Professors and (not) teaching

Last week I had a personal first – I stopped by a professor’s office and asked to borrow a book – any book.  I figured that I’d be traveling a lot, she’s interested in the things I’m interested in, and she has an office full of books with cool titles.  The one she chose for me was Teaching to Transgress by bell hook, a professor of English at some big name colleges and universities.

The book explores a philosophy of teaching that challenges the “bank model” of education, which puts knowledge in students so it can be withdrawn later.  Instead, she’s spent her career looking for a way to engage college students in real learning, thinking, questioning and enjoyment within the classroom.  Throughout the book she expresses her dismay that so few of her university colleagues share her interest in pedagogy or even value quality teaching from others.

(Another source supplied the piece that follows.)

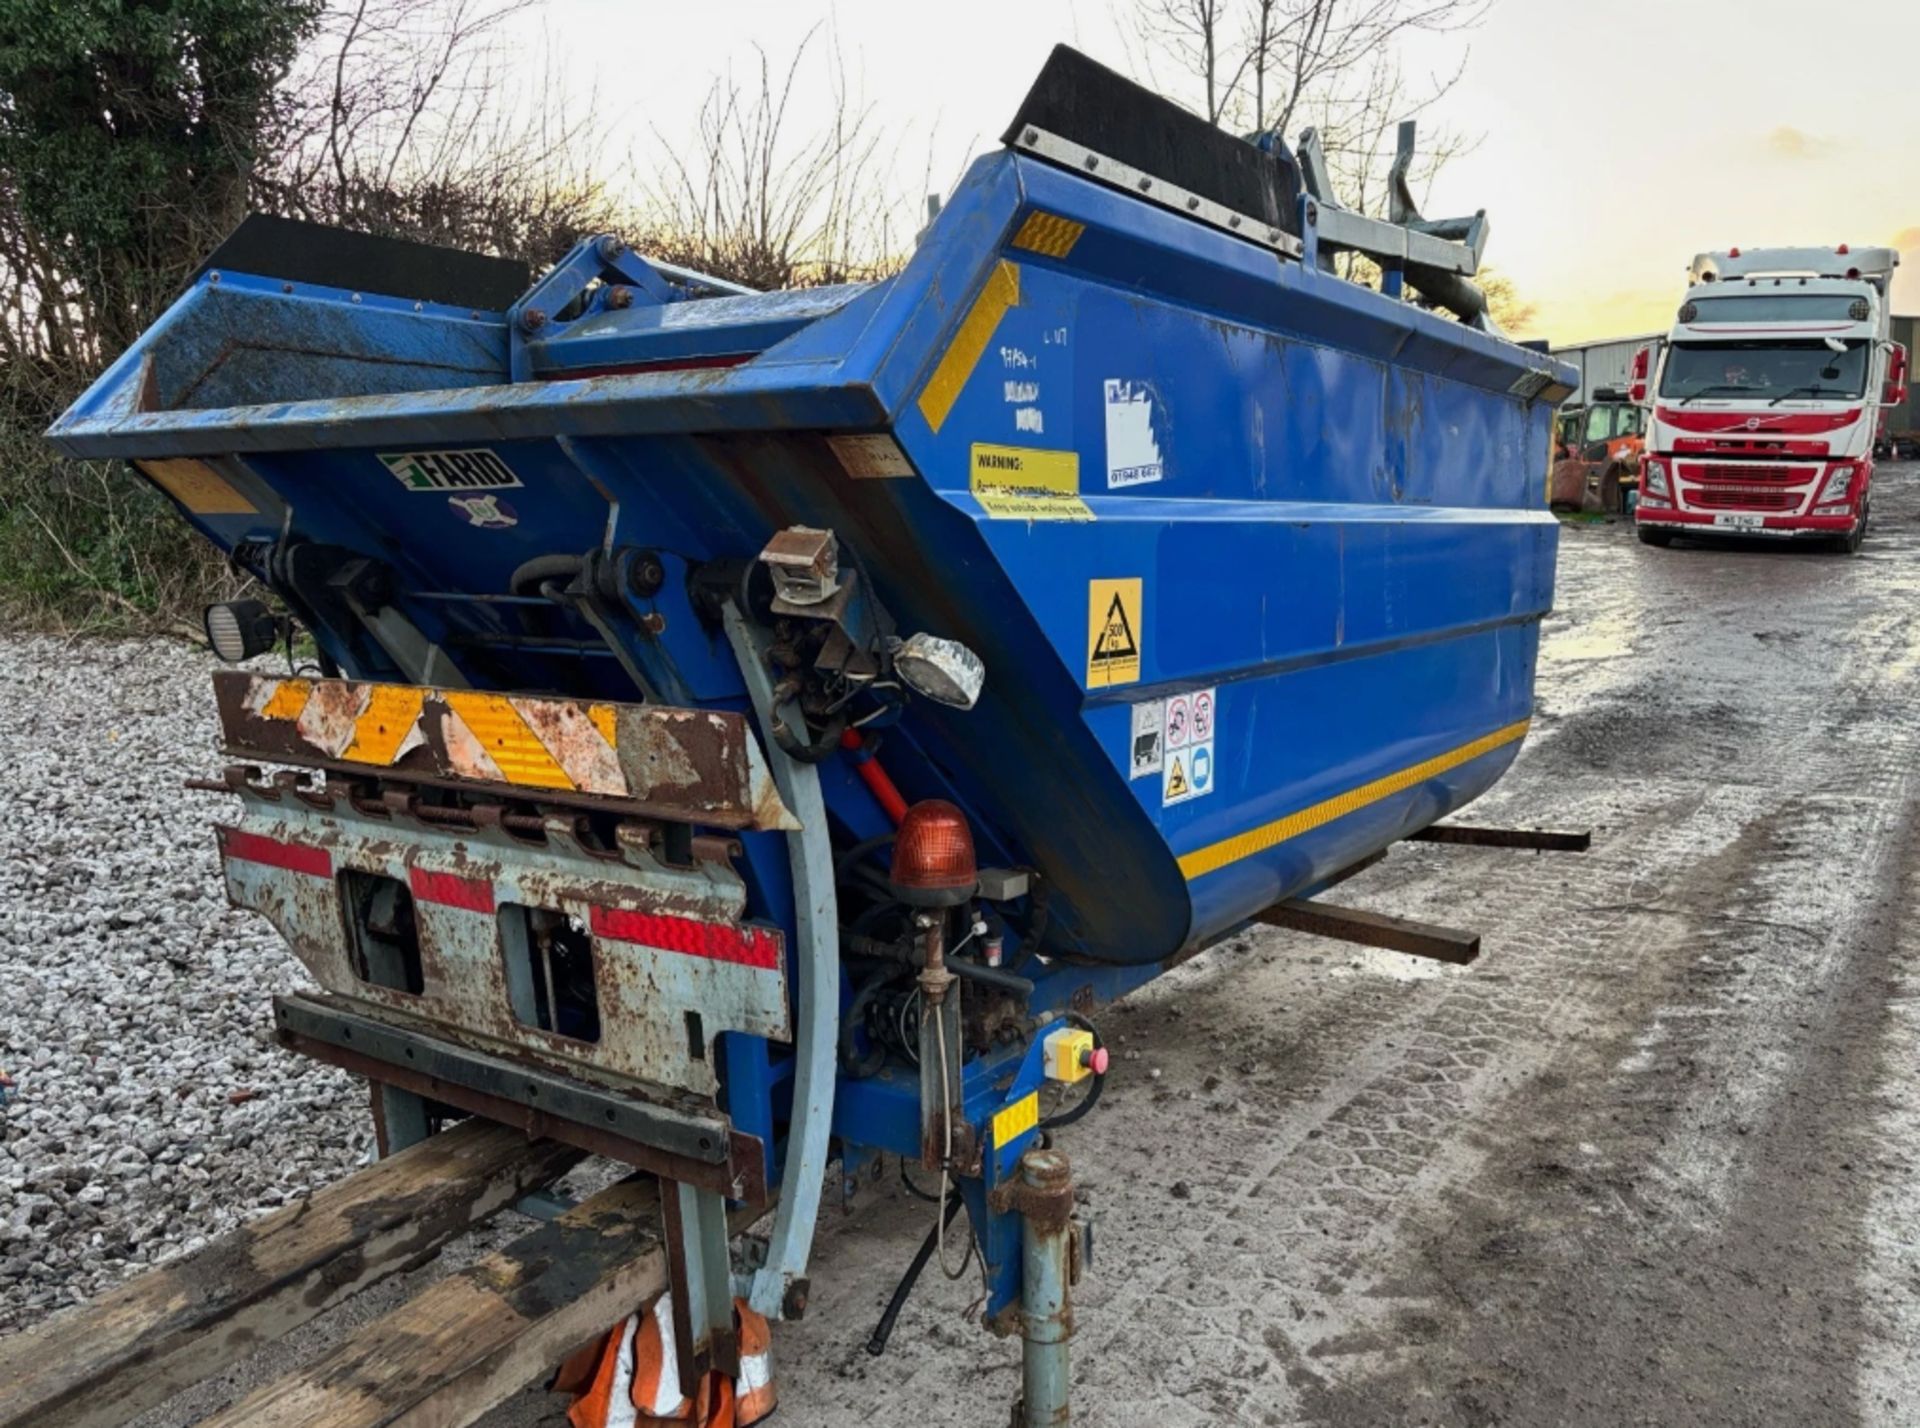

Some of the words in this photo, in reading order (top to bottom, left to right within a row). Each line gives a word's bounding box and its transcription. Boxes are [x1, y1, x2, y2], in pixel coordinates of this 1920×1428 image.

[411, 452, 517, 488] FARID
[977, 454, 1024, 471] WARNING:
[1108, 624, 1123, 637] 500

In reading the book, I was reminded of a conversation with my college roommate and her husband about being students.  I mentioned a classmate who said the class was moving at a snail’s pace because the students’ comments were getting responses far more thoughtful than they deserved.  My friend’s husband responded that he understood why a teacher might do that, because in the one semester his grad program made him TA, he was incredibly grateful for any student who said anything in class.  It turns out that in this semester as a TA he was in a subject outside of his field, had no training for the job, and no interest in doing it.  Had he taken his Ph.D. and gone into academia instead of industry, that would have been his sole teaching experience prior to being a real professor.